Chemostratigraphy has become a powerful correlation tool for identifying strata where other traditional stratigraphic methods fail. This is largely due to its ability to capture subtle variations in rather homogenously looking sedimentary rock formations or in rocks lacking biostratigraphic markers. In this study, we compared two multivariate statistical analysis by extract high-resolution stratigraphic information from a major elemental dataset acquired using MicroXRF for three Paleozoic formations in Saudi Arabia. Our main goal was to demonstrate the efficiency and reproducibility of the statistical protocol for the identification of correlatable chemozones within highly homogenous formations.
Dimensionality reduction is widely used in machine learning and big data analytics, especially in analyzing and visualizing large, high-dimensional datasets. Chemostratigraphy can benefit immensely from some of the cutting-edge data transformation techniques. As a result of increasingly sophisticated analytical techniques and equipment developed in the past 20 years, it now possible to detect smaller and smaller concentrations of the elements of interest which results in millions of data points for geochemical analysis. One of the well-established dimensionality reduction techniques used in geochemistry for defining chemozones is principal component analysis (PCA), coupled with pairwise correlation and hierarchical clustering of principal components (HCPC) (Williams et al., 2019; Hussain et al., 2020). Although PCA methods have been shown to explain high percentages in variabilities when robust elemental data are available, it mainly depends on the assumption of linear relationships.

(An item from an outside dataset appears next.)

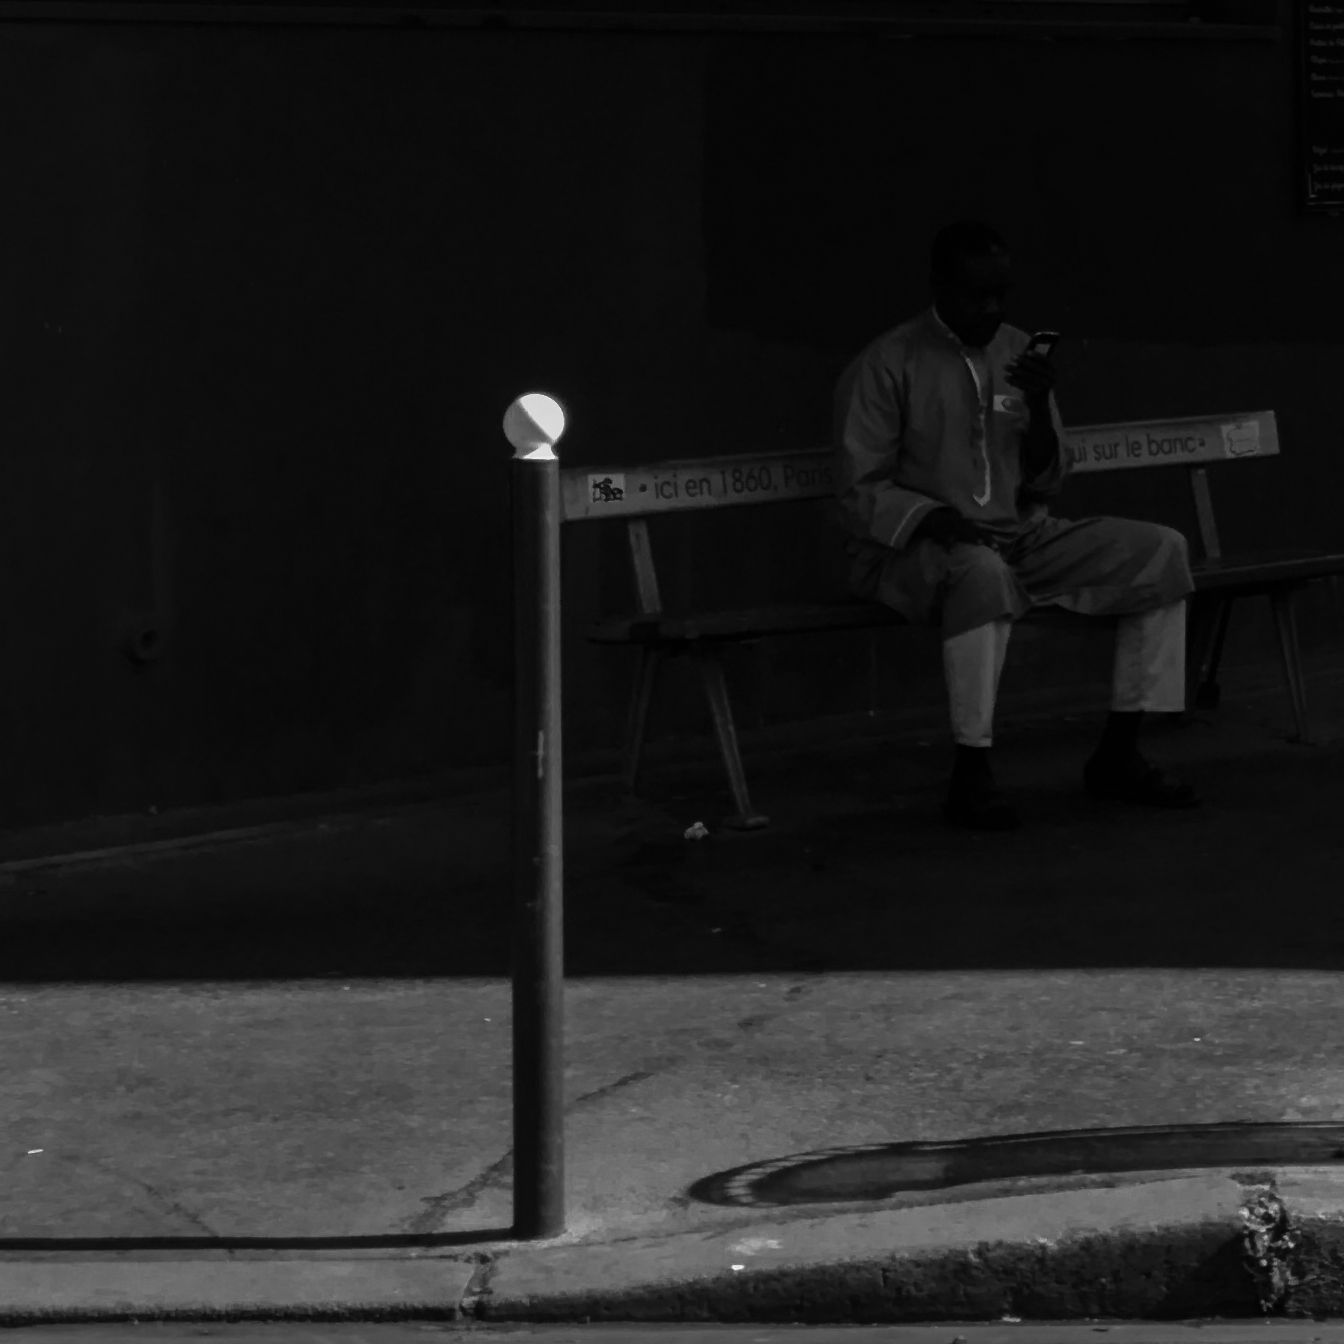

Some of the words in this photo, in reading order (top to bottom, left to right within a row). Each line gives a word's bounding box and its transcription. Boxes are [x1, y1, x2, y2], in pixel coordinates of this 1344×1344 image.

We introduce a new algorithm that outperforms our earlier results on the same dataset. Uniform Manifold Approximation and Projection (UMAP; (McInnes et al., 2018; Allaoui et al., 2020)) is a non-linear algorithm for dimensional reduction. UMAP is based on Riemannian geometry and algebraic topology. It uses exponential probability distribution in high dimensions and is not restricted to the use of necessarily Euclidean distances like PCA, but rather any distance can be used. In addition, the probabilities are not normalized. It considerably outperforms PCA in data clustering and classification tasks, while also improving accuracy.